## EXERCISE DESCRIPTION
Skip the pictures. Give all the data again exactly.

## PROVIDED RECORDS
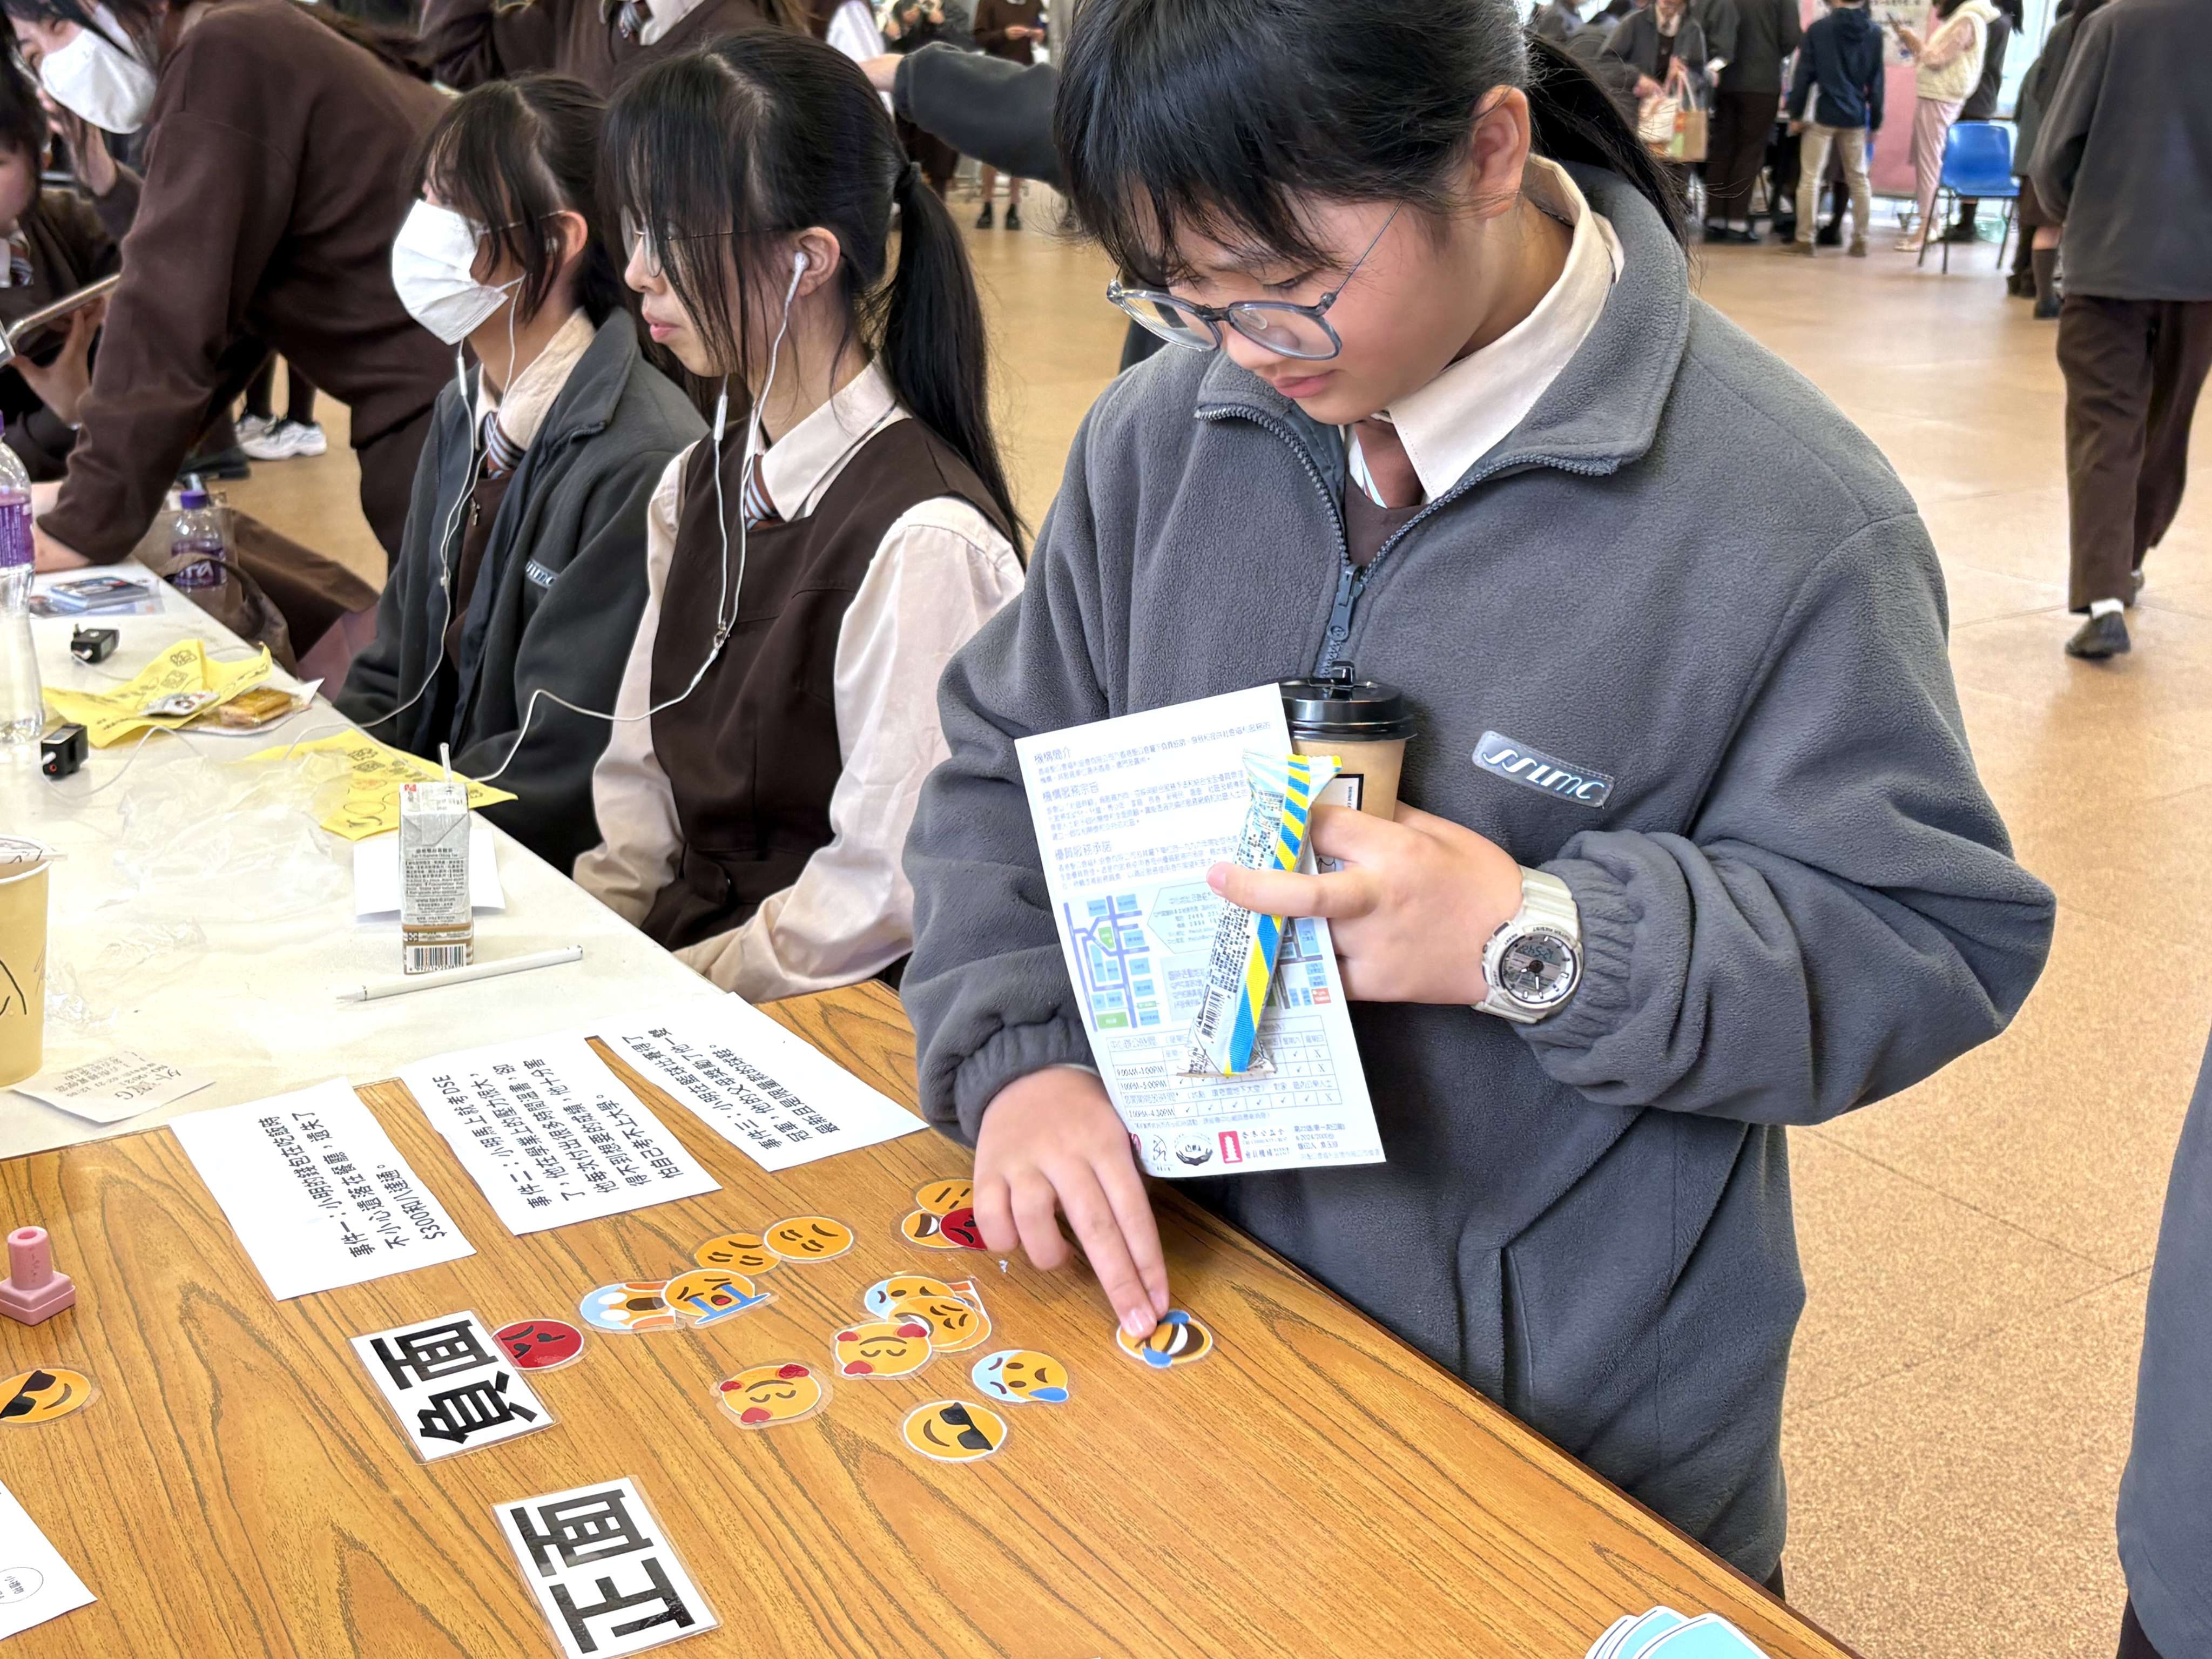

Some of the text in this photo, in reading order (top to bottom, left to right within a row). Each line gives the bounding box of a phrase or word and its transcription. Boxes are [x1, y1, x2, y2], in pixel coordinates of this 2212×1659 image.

[258, 1116, 375, 1257] 事件一：小明的錢包在吃飯時
[596, 1095, 684, 1178] 怕自己考不上大學。
[369, 1319, 537, 1444] 負面
[510, 1489, 695, 1654] 正面
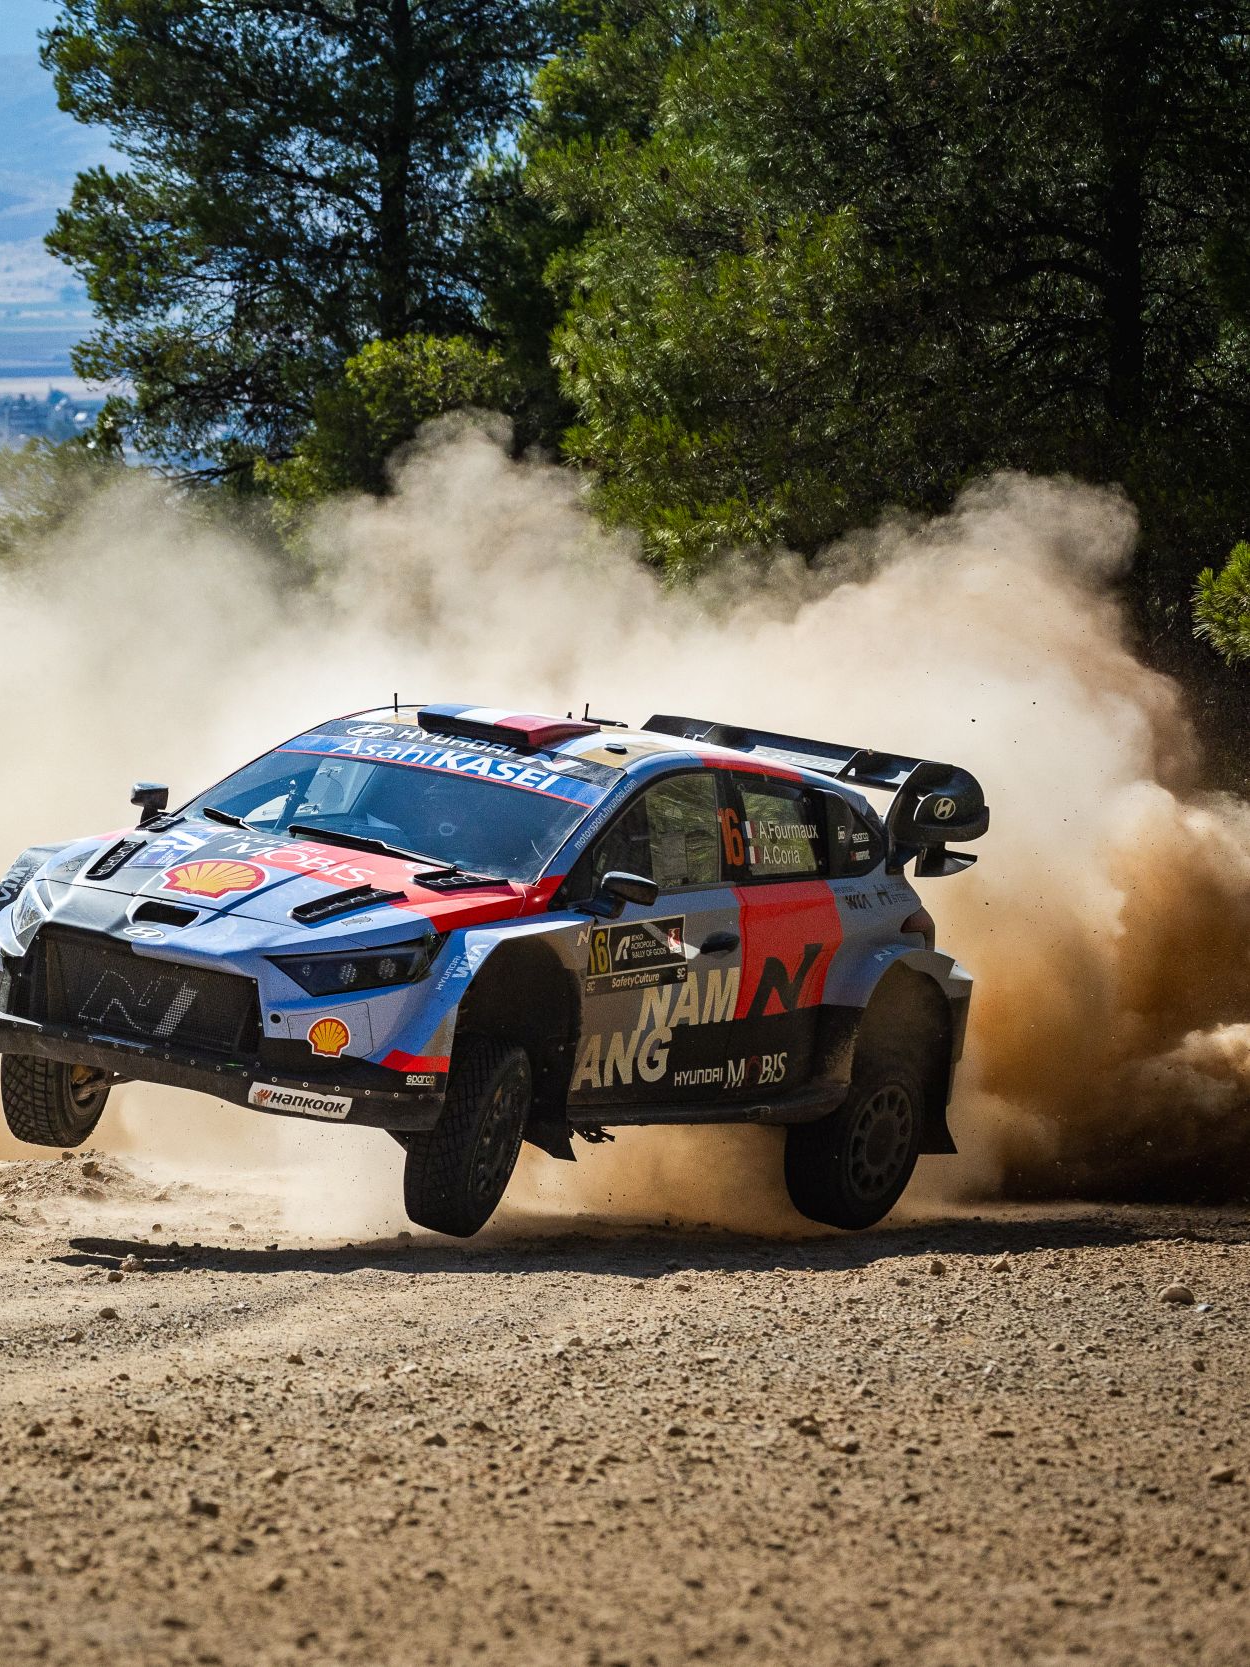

## ANSWER SPACE
Some of the text in this photo, in reading order (top to bottom, left to right within a row). Each line gives the bounding box of a phrase or word and its transcription. Boxes are [x1, y1, x2, y2], in pixel coordinates of this 2212×1659 image.

[258, 1116, 375, 1257] 事件一：小明的錢包在吃飯時
[596, 1095, 684, 1178] 怕自己考不上大學。
[369, 1319, 537, 1444] 負面
[510, 1489, 695, 1654] 正面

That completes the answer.